The labor force has been shrinking precipitously for the past ten years. 


And no, baby boomers retiring do not account for this dramatic downward shift that just happened to begin following “The Great Recession.” Many baby boomers can never retire in the first place, having to deal with soaring costs of living while also being robbed of any earned interest on savings, CDs, or treasury bonds thanks to central banks lowering interest rates into oblivion.

How does the BLS define workers who are “not in the labor force?”

In a nutshell, workers who are no longer drawing unemployment income, haven’t worked in 12 months, and have given up looking for work.

Not in the labor force (Current Population Survey)
Includes persons aged 16 years and older in the civilian noninstitutional population who are neither employed nor unemployed in accordance with the definitions contained in this glossary. Information is collected on their desire for and availability for work, job search activity in the prior year, and reasons for not currently searching. (See Marginally attached workers.)

Here's where things get really revealing. Pay close attention to this last definition.

Marginally attached workers (Current Population Survey)
Persons not in the labor force who want and are available for work, and who have looked for a job sometime in the prior 12 months (or since the end of their last job if they held one within the past 12 months), but were not counted as unemployed because they had not searched for work in the 4 weeks preceding the survey. Discouraged workers are a subset of the marginally attached. (See Discouraged workers.)

Furthermore, “discouraged workers” are defined as:

Discouraged workers (Current Population Survey)
Persons not in the labor force who want and are available for a job and who have looked for work sometime in the past 12 months (or since the end of their last job if they held one within the past 12 months), but who are not currently looking because they believe there are no jobs available or there are none for which they would qualify.

So, in the end, people who gave up looking for work a long time ago are not considered to be unemployed at all. Does this really sound like a reasonable method of counting the unemployed segment of the population?

In addition, there is nothing to be said in the numbers about the quality of employment. Even if it were true that unemployment is at a 49-year low, does that translate into economic prosperity for all?

Working three jobs, say, at Target, Wal-Mart, and McDonald’s counts as being employed.

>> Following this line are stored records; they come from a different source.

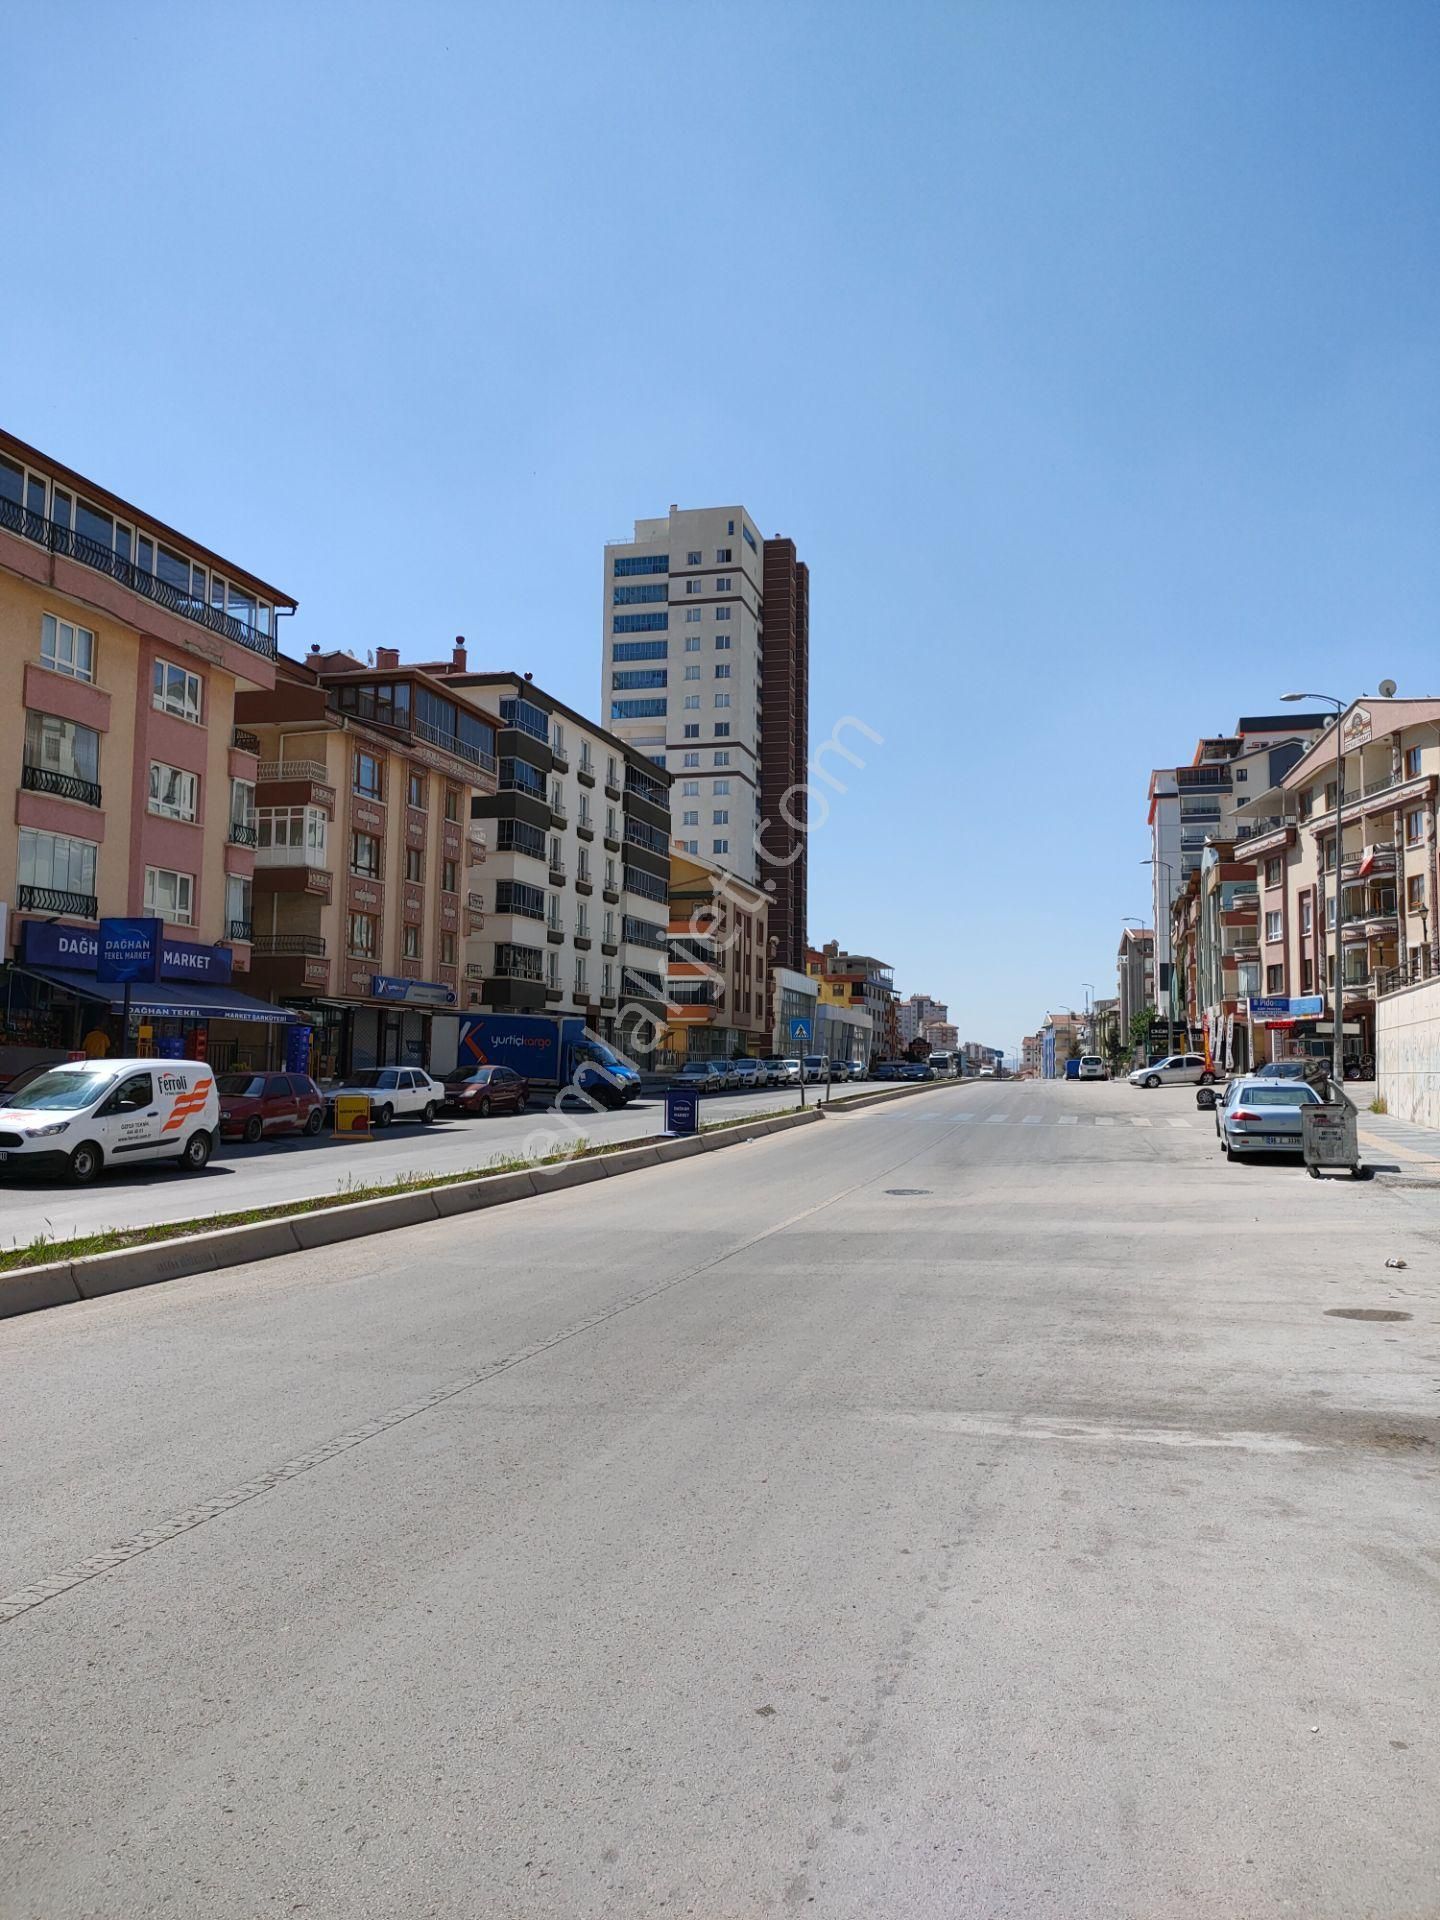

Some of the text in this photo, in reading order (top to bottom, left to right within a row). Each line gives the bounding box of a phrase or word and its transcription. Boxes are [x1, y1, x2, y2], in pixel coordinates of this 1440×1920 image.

[105, 939, 150, 950] DAĞHAN
[104, 951, 151, 960] TEKEL MARKET
[163, 951, 211, 970] MARKET
[171, 1009, 201, 1018] TEKEL
[224, 1012, 251, 1020] MARKET
[157, 1075, 188, 1095] Ferroli

Can you pay your rent? Maybe. Maybe not. You might be living in your car and reading this from a desktop computer in your local public library.



But hey! You’re employed. Happy days are upon us.

While many prefer to blame things on this politician or that political party, that kind of dichotomous thinking has no real significance when looking at long-term trends.

Economic Reality Transcends Political Ideation

In conclusion, the official economic numbers put out by the government, as Peter Schiff puts it in his book The Real Crash, are

 “Pure propaganda, plain and simple.”

A brief analysis of the methods used to create these numbers confirms this assertion beyond any reasonable doubt. It’s not hard to see why the unemployment rate is inaccurate.

This holds true across administrations.

It’s true for the Trump administration.

It was true for the Obama administration.

G.W. Bush, Clinton, Bush Sr., Reagan, Carter, and every previous administration conducted business in the exact same fashion, going back all the way (at least) to President Woodrow Wilson, who signed The Federal Reserve Act into law on December 23rd, 1913.

Speaking of which, what did Wilson say about America’s system of credit after he signed this ruinous law?

Just over 100 years ago, in 1916, President Woodrow Wilson said the following, according to official Senate documents:

“A great industrial nation is controlled by its system of credit. Our system of credit is privately concentrated. The growth of the nation, therefore, and all our activities are in the hands of a few men ... We have come to be one of the worst ruled, one of the most completely controlled and dominated, governments in the civilized world—no longer a government by free opinion, no longer a government by conviction and the vote of the majority, but a government by the opinion and the duress of small groups of dominant men.”